After a while, Ms. Ngo felt herself capable of taking camping trips on her own. On one these jaunts, Ms. Ngo spent a particularly painful time alone in a cabin in the woods. "I was so depressed, I couldn't do anything," she remembers. "But I'd been trained as a fashion designer, remember. And there was this baby quilt I was making for my sister's grandchild, and it needed to be finished, so I sewed and sewed, and it felt good. I asked my friends if there was anything magical about sewing quilts, and they told me the American Pioneer women did it to help themselves through depression. And then I thought, maybe I can try that with the Cambodian women?." It was the beginning of Ly-Sieng Ngo's most ambitious project yet — a quilting circle. "The next week, I got permission from my manager to bring the women in to sew. The first week, I brought six women, and they were fighting to tell their stories. When they'd come to the clinic, they never shared one word. I thought my experience quite bad, but their stories were way more than what I could even imagine!"

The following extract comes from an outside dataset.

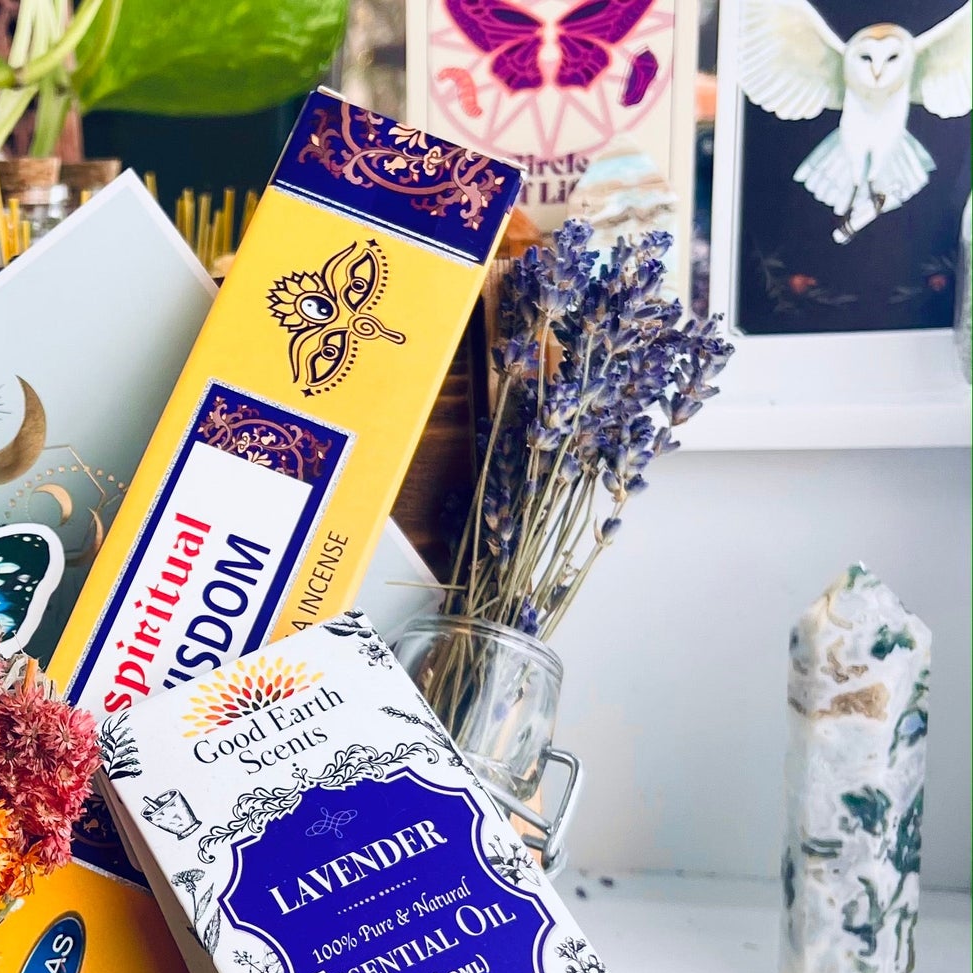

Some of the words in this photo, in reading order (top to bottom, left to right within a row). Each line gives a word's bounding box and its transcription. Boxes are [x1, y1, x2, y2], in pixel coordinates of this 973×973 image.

Within a year, the group had grown to 46 women. Ms. Ngo was the only facilitator. But the results soon proved to be dramatic — the women were using health facilities much less often, and some no longer required anti-depression medication. The women were sharing stories, food, friendship; they were healing each other's psychological wounds, and re-awakening each other's interest in life. Ly-Sieng could feel herself healing as well.